#### PROBLEM REQUIREMENTS:
Each entry below is to be given again word for word, with no pictures.

#### DATA:
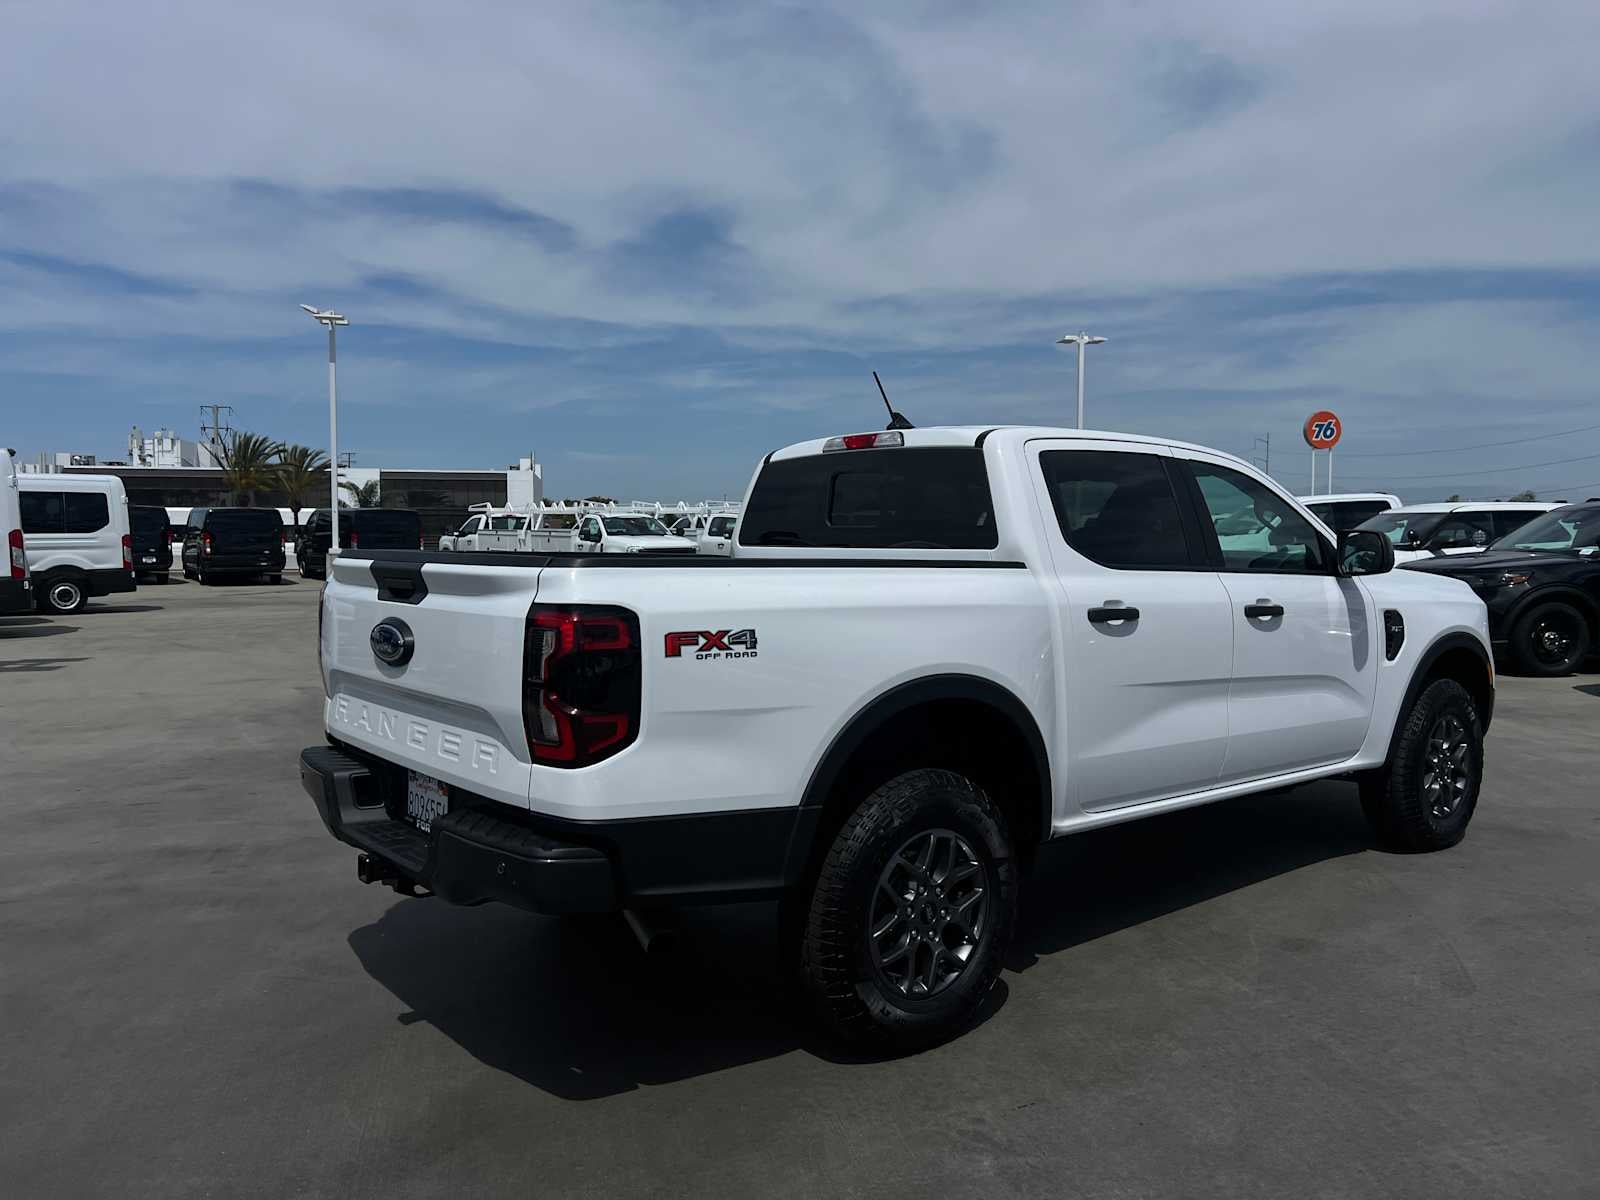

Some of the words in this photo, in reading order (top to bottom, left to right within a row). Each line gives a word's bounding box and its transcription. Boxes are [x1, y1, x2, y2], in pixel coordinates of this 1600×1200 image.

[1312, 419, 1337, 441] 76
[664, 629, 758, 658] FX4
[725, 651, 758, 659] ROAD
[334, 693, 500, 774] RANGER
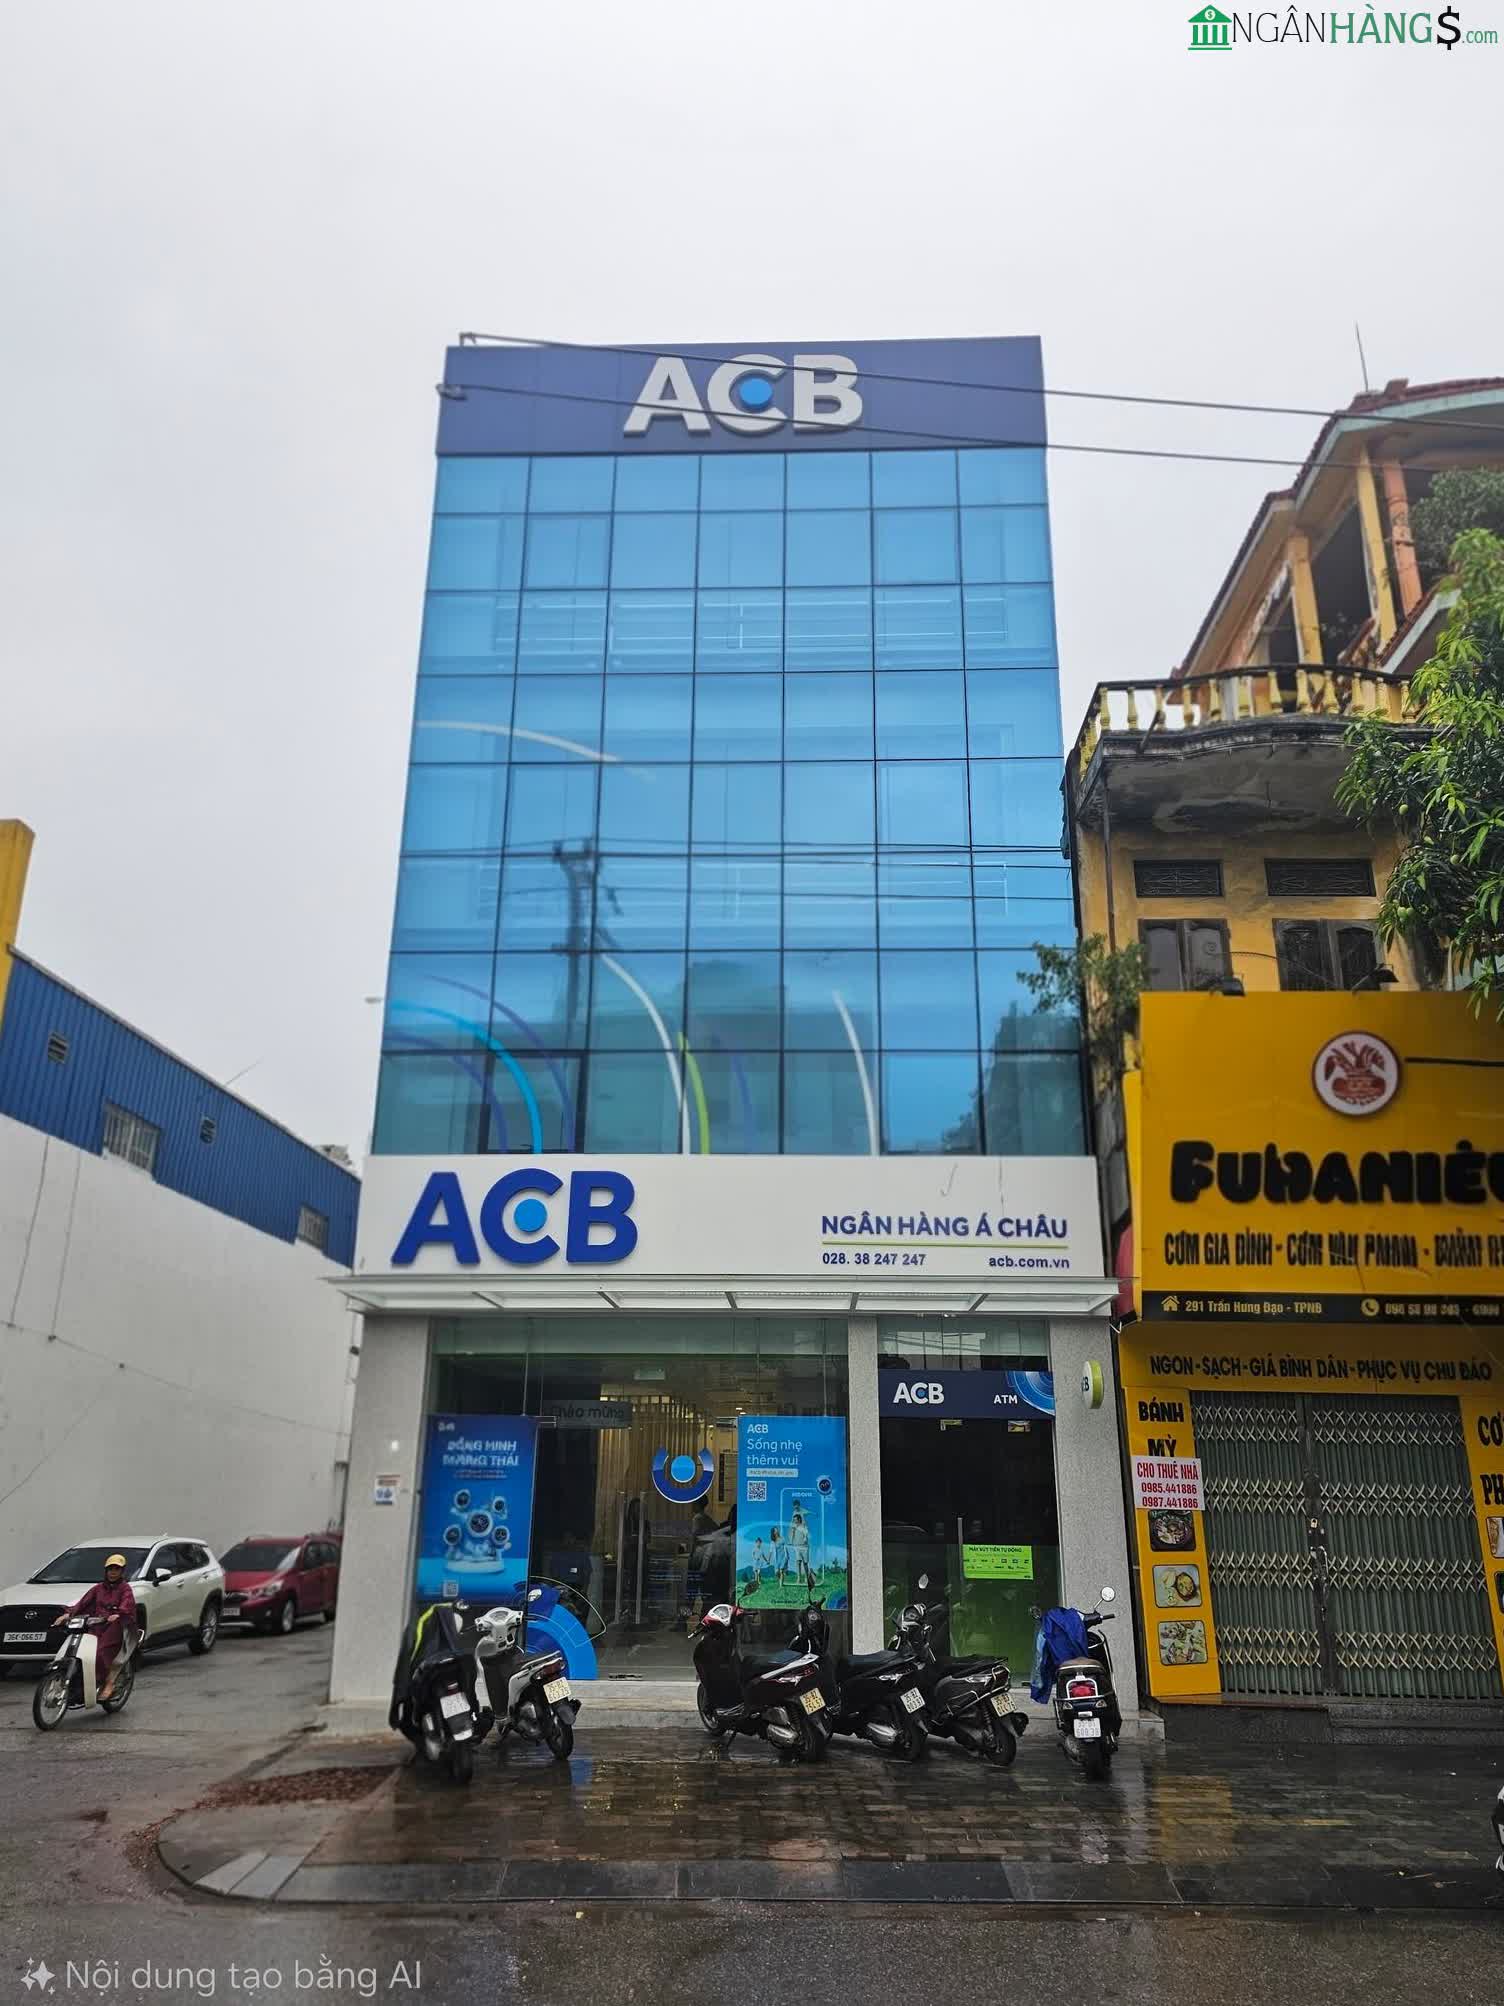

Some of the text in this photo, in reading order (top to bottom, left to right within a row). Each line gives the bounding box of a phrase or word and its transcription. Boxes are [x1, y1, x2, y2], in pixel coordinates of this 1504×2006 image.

#### TASK RESPONSE:
Some of the words in this photo, in reading order (top to bottom, left to right within a row). Each line gives a word's bounding box and its transcription. Boxes are [x1, y1, x2, y2], in pixel coordinates of this 1600×1200 image.

[1312, 419, 1337, 441] 76
[664, 629, 758, 658] FX4
[725, 651, 758, 659] ROAD
[334, 693, 500, 774] RANGER

Some of the text in this photo, in reading order (top to bottom, left to right within a row). Each line gives the bounding box of a phrase or word and its transcription. Boxes are [x1, y1, x2, y2], in pixel coordinates of this 1504×2006 image.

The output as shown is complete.